All collected fees are distributed among various stakeholders to align incentives within the ecosystem. The fees are split between:

  • Makers: Rewarding them for providing liquidity and facilitating trades.
  • Perennial Treasury: Supporting the ongoing development and maintenance of the protocol.
  • Product Owner’s Treasury: Allowing market owners, such as individual organizations, decentralized autonomous organizations (DAOs), or other protocols, to earn revenue directly from their markets.

This fee distribution model enables market owners to monetize their products and manage their parameters effectively.

Risks

Smart Contract Risk

Like all DeFi platforms, Perennial relies on smart contracts. If these contracts contain bugs or vulnerabilities, they could be exploited by malicious actors to manipulate the protocol or steal funds. Rigorous code audits, formal verification, and continuous security assessments are essential to mitigate this risk. However, even audited protocols have been compromised, so the risk cannot be entirely eliminated.

Oracle Risk

Oracles can affect a protocol if they are compromised. Perennial depends on oracles to provide accurate price feeds for underlying assets. If an oracle is compromised or manipulated, attackers could feed incorrect pricing data into the system. This could trigger erroneous liquidations, allow for trades at unfair prices, or distort funding rates.

Solvers Risk

The effectiveness of Perennial’s intent-based trading mechanism hinges on a robust and competitive network of Solvers responsible for fulfilling trade intents. When there are not enough Solvers competing to execute trades swiftly and at low cost, the network risks becoming centralized, leading to increased costs and slower execution times for users. This centralization reduces competitive pressure, potentially resulting in less favorable pricing and diminished trading efficiency. Just as a large liquidity pool in a DEX offers better prices to traders, a sizable and competitive Solver network enhances execution quality for intent users in terms of both price and speed. The system operates on network effects: more Solvers improve execution, attracting more users and increasing order flow, incentivizing additional Solvers to join. Conversely, a limited Solver network can create a negative feedback loop, where subpar execution discourages user participation and deters new Solvers, posing a significant risk to the protocol’s adoption and overall functionality.
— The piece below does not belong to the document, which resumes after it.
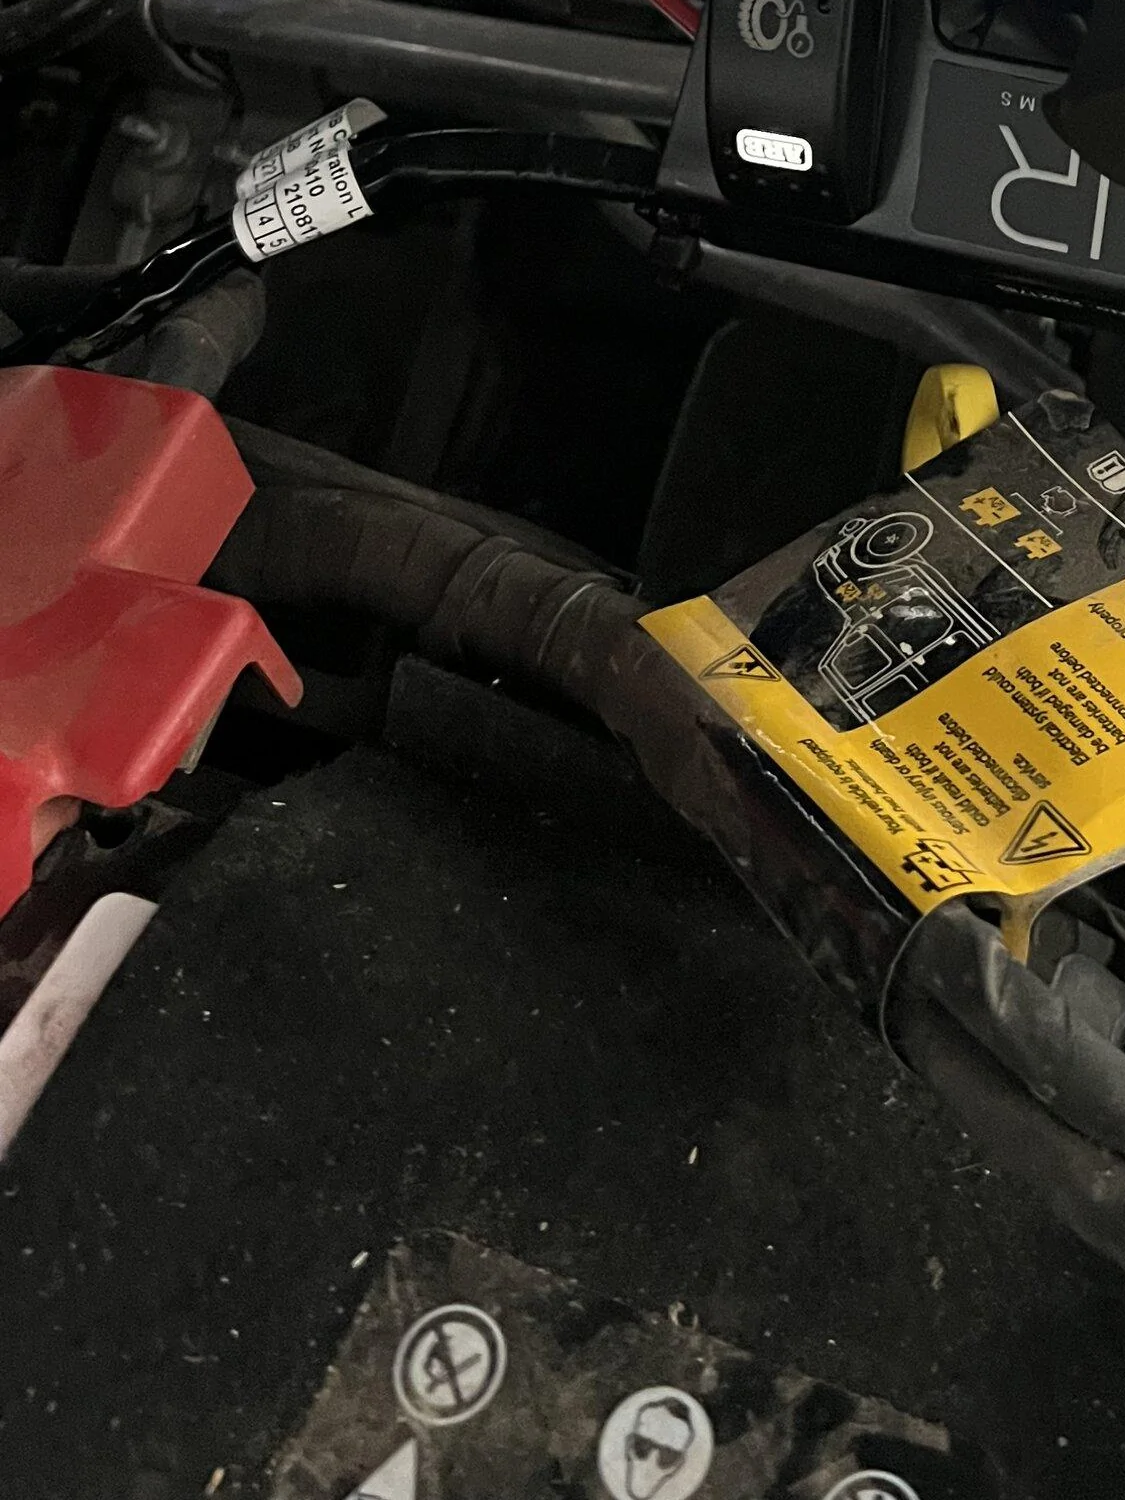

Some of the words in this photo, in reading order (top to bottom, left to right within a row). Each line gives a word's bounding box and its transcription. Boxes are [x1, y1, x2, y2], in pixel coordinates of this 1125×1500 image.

However, this does not pose a significant risk to the protocol’s adoption or overall functionality because trades can always fall back on the AMM. In such cases, a larger percentage of the order flow is routed directly to the AMM, which provides consistent liquidity and uninterrupted trading. Therefore, the Solver network is purely additive: it enhances execution quality when active but does not compromise the system when its performance degrades. This design mitigates the risks associated with Solver centralization, as the AMM ensures that users can continue to trade effectively regardless of the Solver network’s state.

Opacity Risk

Implementing intent-based architectures and permissioned mempools can create an opacity risk, making the system impenetrable and lacking transparency. Users may surrender significant control over their on-chain assets without clear insight into how their intents are processed or whether their expectations are met, which may lead to the centralization of order flow in a few concentrated parties.

This opacity makes it challenging to detect threats, abuses, or inefficiencies within the ecosystem, even for knowledgeable observers.

Such a lack of transparency is particularly concerning when users outsource critical decisions like order routing. The negative impacts of Miner Extractable Value (MEV) often arise when users give executors high degrees of freedom, leading to unfavorable execution outcomes. Intent-based applications that require users to relinquish more control heighten this risk, necessitating greater caution in system design to protect users.

In the worst-case scenario, users sign intents that effectively disappear into an opaque system, resulting in transactions without clarity on how or by whom they were executed. This undermines the foundational principles of transparency and trustlessness in blockchain systems. 

Security

Perennial’s smart contracts have been audited by third-party security firms.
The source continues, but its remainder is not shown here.